The Best of English Instrumental Music
The Best of English Instrumental Music is a site that provides a great collection of English instrumental music for your listening pleasure.
Instrumental music has been an integral part of English culture for centuries. From the Renaissance era to the present day, English composers have produced some of the most beautiful and moving pieces of instrumental music ever written.
The best of English instrumental music includes works for a wide range of instruments, from the piano and violin to the cello and flute. Whether you’re looking for a relaxing piece to enjoy on a quiet evening or a thrilling work to get your heart racing, there’s sure to be something in this list that will suit your taste.
So sit back, relax, and enjoy some of the finest instrumental music that England has to offer.
The Best of English Instrumental Music
There are a lot of different types of music out there. But what if you’re looking for something a little more mellow? Something that you can study or work to without getting too distracted? Something that will help you focus? If that’s the case, then you need some instrumental music. And not just any instrumental music, but the best of English instrumental music.
The Beatles – “Yesterday”
The Beatles were an English rock band formed in Liverpool in 1960. With members John Lennon, Paul McCartney, George Harrison and Ringo Starr, they became widely regarded as the foremost and most influential music band in history. Rooted in skiffle, beat and 1950s rock and roll, the group’s sound incorporated elements of classical music and traditional pop in innovative ways that influenced subsequent rock music.
“Yesterday”, written by McCartney and originally included on the Help! album, is a reflective ballad about the loss of innocence and innocence of youth. It is one of the most covered songs in the history of popular music, with over 3,000 recorded versions by artists including Frank Sinatra, Ray Charles, Bon Jovi and Elvis Presley.
Led Zeppelin – “Kashmir”
“Kashmir” is a song by the English rock band Led Zeppelin. It is the final track on their sixth album Physical Graffiti, released as a double album on 24 February 1975. It was written by Jimmy Page, Robert Plant, and John Bonham.
The song is eight minutes and 28 seconds long, making it one of Led Zeppelin’s longest songs. It features acoustic guitars, banjo, congas, and mandolins during the first half before transitioning to electric guitars for the remainder of the song. The lyrics were inspired by a dream Plant had of “the coming together of Arab and Moorish peoples”.
Since its release, “Kashmir” has been included on numerous Led Zeppelin Greatest hits compilations including 2004’s How the West Was Won. In 2007, it was ranked number375 on Rolling Stone’s list of The 500 Greatest Songs of All Time.
Pink Floyd – “Shine On You Crazy Diamond”
English instrumental music has long been overshadowed by the vocal stylings of the Beatles and Stones, but there have been some truly great instrumental pieces produced in the last few decades. “Shine On You Crazy Diamond” is one of them.

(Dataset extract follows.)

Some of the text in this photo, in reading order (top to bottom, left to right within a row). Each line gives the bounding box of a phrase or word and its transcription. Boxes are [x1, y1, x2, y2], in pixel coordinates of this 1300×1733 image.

Written by Roger Waters and recorded by Pink Floyd in 1975, “Shine On You Crazy Diamond” is a nine-part suite that pays tribute to the band’s former lead singer and guitarist Syd Barrett. Barrett, who left Pink Floyd in 1968 due to mental health issues, was a major influence on Waters and the rest of the band, and “Shine On You Crazy Diamond” is their way of saying goodbye to him.

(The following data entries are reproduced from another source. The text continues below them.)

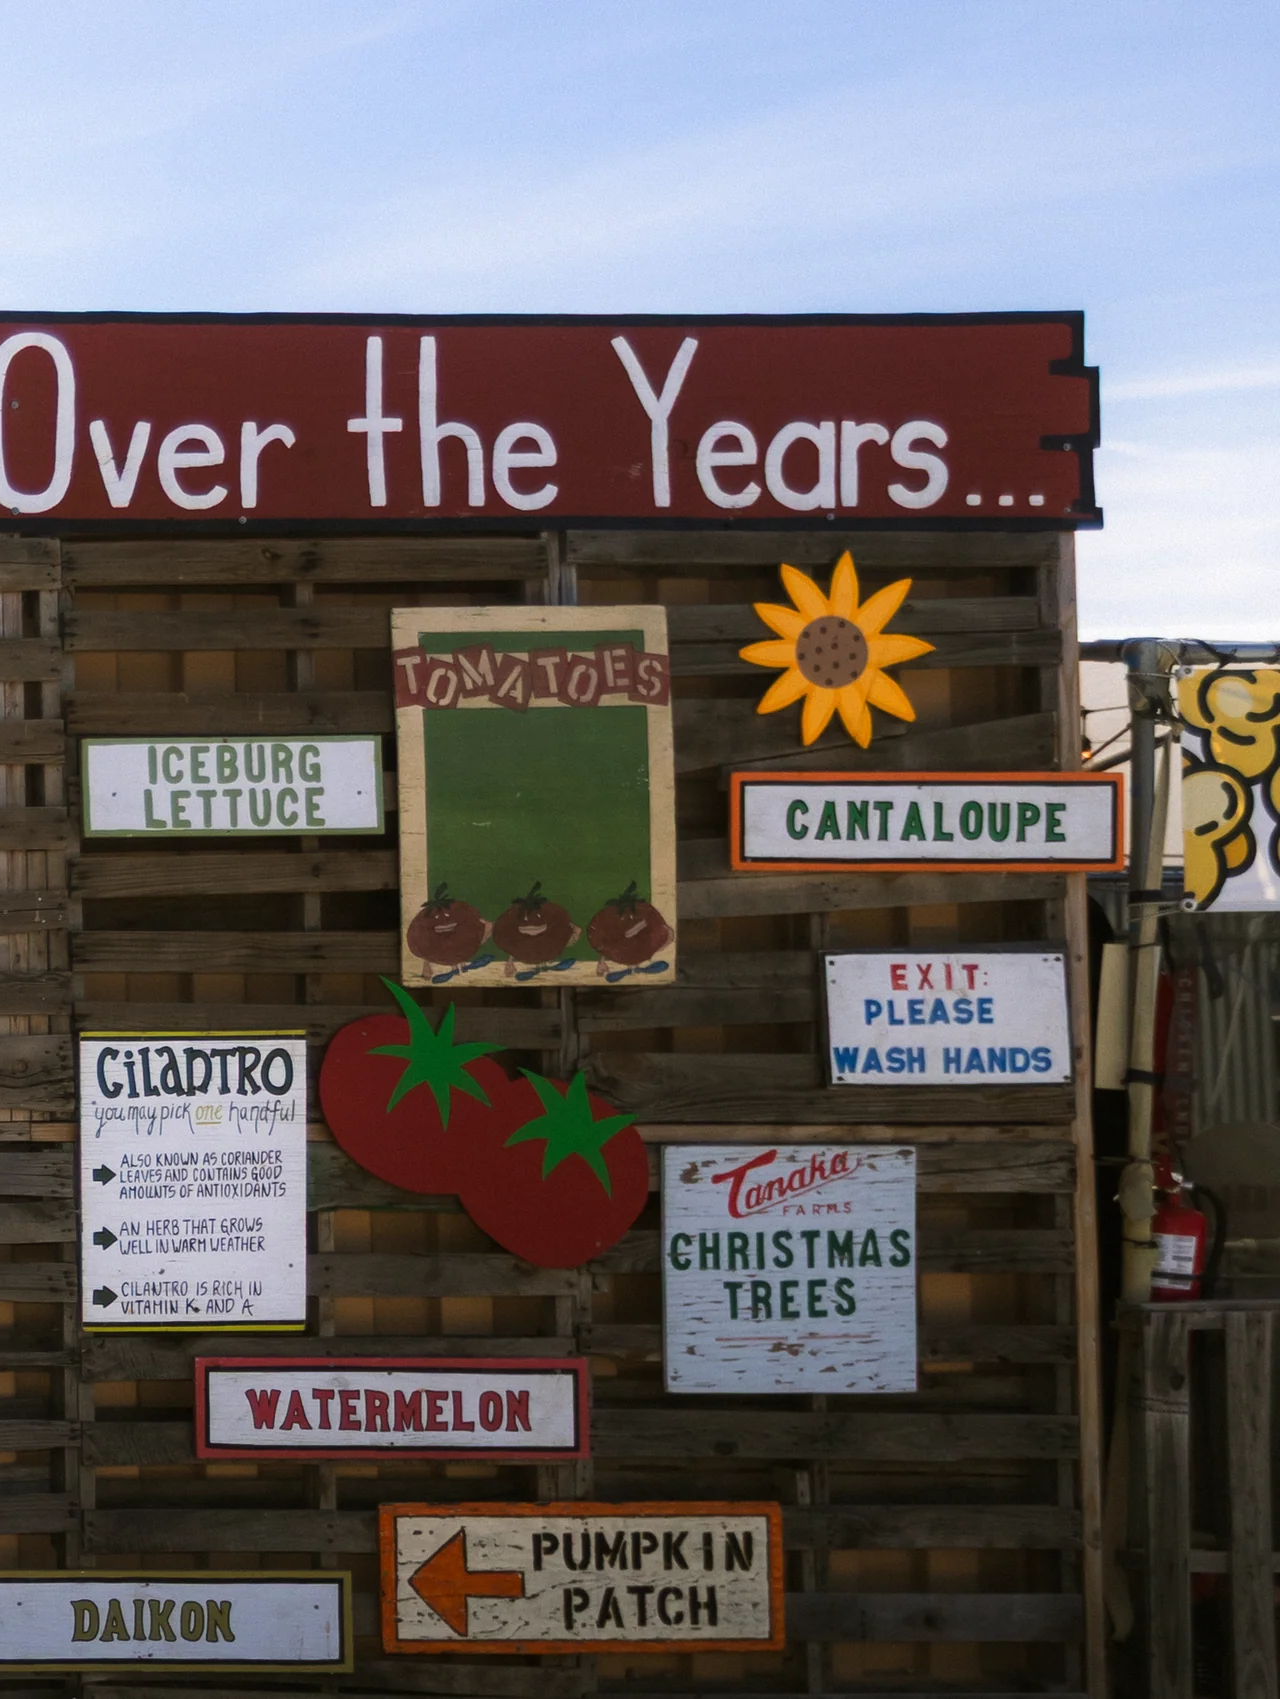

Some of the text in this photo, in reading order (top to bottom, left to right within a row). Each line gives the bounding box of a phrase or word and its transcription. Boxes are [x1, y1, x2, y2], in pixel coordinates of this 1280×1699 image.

[347, 335, 558, 511] the
[611, 336, 1044, 510] Years...
[397, 649, 663, 706] TOMATOES
[148, 743, 322, 785] ICEBURG
[143, 786, 325, 829] LETTUCE
[786, 799, 1066, 842] CANTALOUPE
[890, 963, 988, 991] EXIT:
[864, 998, 994, 1025] PLEASE
[834, 1047, 1052, 1074] WASH HANDS
[95, 1099, 295, 1138] you may pick one handful
[120, 1150, 283, 1167] ALSO KNOWN AS CORIANDER
[120, 1165, 283, 1183] LEAVES AND CONTAINS GOOD
[120, 1182, 286, 1199] AMOUNTS OF ANTIOXIDANTS
[711, 1149, 862, 1219] Tanaka
[120, 1217, 263, 1236] AN HERB THAT GROWS
[783, 1202, 852, 1216] FARMS
[119, 1236, 265, 1255] WELL IN WARM WEATHER
[669, 1228, 911, 1271] CHRISTMAS
[121, 1280, 262, 1298] CILANTRO IS RICH IN
[121, 1300, 178, 1315] VITAMIN
[206, 1299, 235, 1314] AND
[242, 1299, 254, 1316] A
[723, 1277, 856, 1320] TREES
[245, 1388, 532, 1433] WATERMELON
[532, 1530, 754, 1571] PUMPKIN
[71, 1599, 235, 1642] DAIKON
[563, 1585, 718, 1630] PATCH

While it may not be as popular as some of Pink Floyd’s other songs, “Shine On You Crazy Diamond” is a beautiful piece of music that deserves to be heard. If you’re a fan of instrumental rock or simply looking for something different, this track is definitely worth a listen.
The Who – “Won’t Get Fooled Again”
The Who – “Won’t Get Fooled Again” is one of the best examples of English instrumental music. Released in 1971, it features a great guitar solo by Pete Townshend and is one of the band’s most popular songs.
Deep Purple – “Smoke on the Water”
Deep Purple – “Smoke on the Water” is a song by the English rock band Deep Purple. It was first released on their 1972 album Machine Head. The song’s acoustic opening riff, written by guitarist Ritchie Blackmore, is considered one of the most influential in rock history. “Smoke on the Water” reached number 4 in the UK Singles Chart and number 11 on the Billboard Hot 100. It is often included in numerous “best guitar riff” lists.
We hope you have enjoyed our picks for the best of English instrumental music. We have tried to include a wide range of styles and genres to give you a taste of the immense talent and variety that exists within the country. We are sure that you will find many hours of enjoyment in exploring the works of these great composers.